> _The task_: Each entry below is to be printed verbatim.

*** Opening of Data for the task ***

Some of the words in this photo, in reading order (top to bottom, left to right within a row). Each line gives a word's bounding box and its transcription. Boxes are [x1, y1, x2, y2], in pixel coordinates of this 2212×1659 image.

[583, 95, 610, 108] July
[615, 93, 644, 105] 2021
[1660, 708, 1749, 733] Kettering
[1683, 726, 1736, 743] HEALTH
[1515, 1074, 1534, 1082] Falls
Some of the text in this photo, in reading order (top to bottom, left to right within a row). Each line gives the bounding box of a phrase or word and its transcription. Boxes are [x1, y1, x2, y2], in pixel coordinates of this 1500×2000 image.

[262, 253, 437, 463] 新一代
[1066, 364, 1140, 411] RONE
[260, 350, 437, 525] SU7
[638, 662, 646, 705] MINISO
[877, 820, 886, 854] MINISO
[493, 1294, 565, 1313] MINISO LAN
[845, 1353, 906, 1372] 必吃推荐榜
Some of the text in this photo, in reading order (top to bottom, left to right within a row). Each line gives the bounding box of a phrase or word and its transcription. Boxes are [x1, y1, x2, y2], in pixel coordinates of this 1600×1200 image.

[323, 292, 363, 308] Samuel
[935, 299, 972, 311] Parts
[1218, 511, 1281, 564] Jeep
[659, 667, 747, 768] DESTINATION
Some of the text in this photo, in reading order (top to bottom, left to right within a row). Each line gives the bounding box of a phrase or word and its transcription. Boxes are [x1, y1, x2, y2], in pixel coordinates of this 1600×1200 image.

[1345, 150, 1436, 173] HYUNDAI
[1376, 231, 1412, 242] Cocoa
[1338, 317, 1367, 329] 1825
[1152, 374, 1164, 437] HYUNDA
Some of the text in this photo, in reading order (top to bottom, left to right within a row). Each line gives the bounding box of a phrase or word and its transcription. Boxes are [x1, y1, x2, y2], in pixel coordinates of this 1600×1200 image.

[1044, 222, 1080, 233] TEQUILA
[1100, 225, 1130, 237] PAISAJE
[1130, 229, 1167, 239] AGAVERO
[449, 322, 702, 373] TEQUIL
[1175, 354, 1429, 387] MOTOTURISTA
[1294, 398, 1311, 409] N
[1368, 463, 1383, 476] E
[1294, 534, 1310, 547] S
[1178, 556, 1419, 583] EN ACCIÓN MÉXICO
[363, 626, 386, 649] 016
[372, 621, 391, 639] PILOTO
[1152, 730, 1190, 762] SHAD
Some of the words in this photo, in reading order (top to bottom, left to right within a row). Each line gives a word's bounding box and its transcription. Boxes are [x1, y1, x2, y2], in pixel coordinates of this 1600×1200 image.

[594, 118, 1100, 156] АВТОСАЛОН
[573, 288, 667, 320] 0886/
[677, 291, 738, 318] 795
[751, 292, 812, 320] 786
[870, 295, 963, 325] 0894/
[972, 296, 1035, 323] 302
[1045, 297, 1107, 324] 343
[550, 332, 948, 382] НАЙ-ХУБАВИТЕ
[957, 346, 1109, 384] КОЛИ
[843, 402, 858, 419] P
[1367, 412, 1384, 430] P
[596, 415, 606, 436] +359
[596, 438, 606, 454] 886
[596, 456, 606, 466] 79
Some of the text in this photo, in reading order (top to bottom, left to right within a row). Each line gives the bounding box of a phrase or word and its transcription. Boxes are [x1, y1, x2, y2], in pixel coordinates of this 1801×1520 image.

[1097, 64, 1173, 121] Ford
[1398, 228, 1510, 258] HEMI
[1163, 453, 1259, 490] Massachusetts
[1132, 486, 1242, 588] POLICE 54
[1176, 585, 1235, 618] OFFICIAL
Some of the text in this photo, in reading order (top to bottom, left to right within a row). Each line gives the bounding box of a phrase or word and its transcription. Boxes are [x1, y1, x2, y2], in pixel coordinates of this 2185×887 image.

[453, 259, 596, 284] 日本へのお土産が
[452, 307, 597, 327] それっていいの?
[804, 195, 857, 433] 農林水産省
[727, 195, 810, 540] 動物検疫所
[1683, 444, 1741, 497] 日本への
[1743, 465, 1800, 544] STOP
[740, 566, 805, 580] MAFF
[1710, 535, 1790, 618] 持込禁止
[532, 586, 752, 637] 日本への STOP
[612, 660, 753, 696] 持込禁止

*** Close of Data for the task ***

> _Result of this task_:
Some of the words in this photo, in reading order (top to bottom, left to right within a row). Each line gives a word's bounding box and its transcription. Boxes are [x1, y1, x2, y2], in pixel coordinates of this 2212×1659 image.

[583, 95, 610, 108] July
[615, 93, 644, 105] 2021
[1660, 708, 1749, 733] Kettering
[1683, 726, 1736, 743] HEALTH
[1515, 1074, 1534, 1082] Falls
Some of the text in this photo, in reading order (top to bottom, left to right within a row). Each line gives the bounding box of a phrase or word and its transcription. Boxes are [x1, y1, x2, y2], in pixel coordinates of this 1500×2000 image.

[262, 253, 437, 463] 新一代
[1066, 364, 1140, 411] RONE
[260, 350, 437, 525] SU7
[638, 662, 646, 705] MINISO
[877, 820, 886, 854] MINISO
[493, 1294, 565, 1313] MINISO LAN
[845, 1353, 906, 1372] 必吃推荐榜
Some of the text in this photo, in reading order (top to bottom, left to right within a row). Each line gives the bounding box of a phrase or word and its transcription. Boxes are [x1, y1, x2, y2], in pixel coordinates of this 1600×1200 image.

[323, 292, 363, 308] Samuel
[935, 299, 972, 311] Parts
[1218, 511, 1281, 564] Jeep
[659, 667, 747, 768] DESTINATION
Some of the text in this photo, in reading order (top to bottom, left to right within a row). Each line gives the bounding box of a phrase or word and its transcription. Boxes are [x1, y1, x2, y2], in pixel coordinates of this 1600×1200 image.

[1345, 150, 1436, 173] HYUNDAI
[1376, 231, 1412, 242] Cocoa
[1338, 317, 1367, 329] 1825
[1152, 374, 1164, 437] HYUNDA
Some of the text in this photo, in reading order (top to bottom, left to right within a row). Each line gives the bounding box of a phrase or word and its transcription. Boxes are [x1, y1, x2, y2], in pixel coordinates of this 1600×1200 image.

[1044, 222, 1080, 233] TEQUILA
[1100, 225, 1130, 237] PAISAJE
[1130, 229, 1167, 239] AGAVERO
[449, 322, 702, 373] TEQUIL
[1175, 354, 1429, 387] MOTOTURISTA
[1294, 398, 1311, 409] N
[1368, 463, 1383, 476] E
[1294, 534, 1310, 547] S
[1178, 556, 1419, 583] EN ACCIÓN MÉXICO
[363, 626, 386, 649] 016
[372, 621, 391, 639] PILOTO
[1152, 730, 1190, 762] SHAD
Some of the words in this photo, in reading order (top to bottom, left to right within a row). Each line gives a word's bounding box and its transcription. Boxes are [x1, y1, x2, y2], in pixel coordinates of this 1600×1200 image.

[594, 118, 1100, 156] АВТОСАЛОН
[573, 288, 667, 320] 0886/
[677, 291, 738, 318] 795
[751, 292, 812, 320] 786
[870, 295, 963, 325] 0894/
[972, 296, 1035, 323] 302
[1045, 297, 1107, 324] 343
[550, 332, 948, 382] НАЙ-ХУБАВИТЕ
[957, 346, 1109, 384] КОЛИ
[843, 402, 858, 419] P
[1367, 412, 1384, 430] P
[596, 415, 606, 436] +359
[596, 438, 606, 454] 886
[596, 456, 606, 466] 79
Some of the text in this photo, in reading order (top to bottom, left to right within a row). Each line gives the bounding box of a phrase or word and its transcription. Boxes are [x1, y1, x2, y2], in pixel coordinates of this 1801×1520 image.

[1097, 64, 1173, 121] Ford
[1398, 228, 1510, 258] HEMI
[1163, 453, 1259, 490] Massachusetts
[1132, 486, 1242, 588] POLICE 54
[1176, 585, 1235, 618] OFFICIAL
Some of the text in this photo, in reading order (top to bottom, left to right within a row). Each line gives the bounding box of a phrase or word and its transcription. Boxes are [x1, y1, x2, y2], in pixel coordinates of this 2185×887 image.

[453, 259, 596, 284] 日本へのお土産が
[452, 307, 597, 327] それっていいの?
[804, 195, 857, 433] 農林水産省
[727, 195, 810, 540] 動物検疫所
[1683, 444, 1741, 497] 日本への
[1743, 465, 1800, 544] STOP
[740, 566, 805, 580] MAFF
[1710, 535, 1790, 618] 持込禁止
[532, 586, 752, 637] 日本への STOP
[612, 660, 753, 696] 持込禁止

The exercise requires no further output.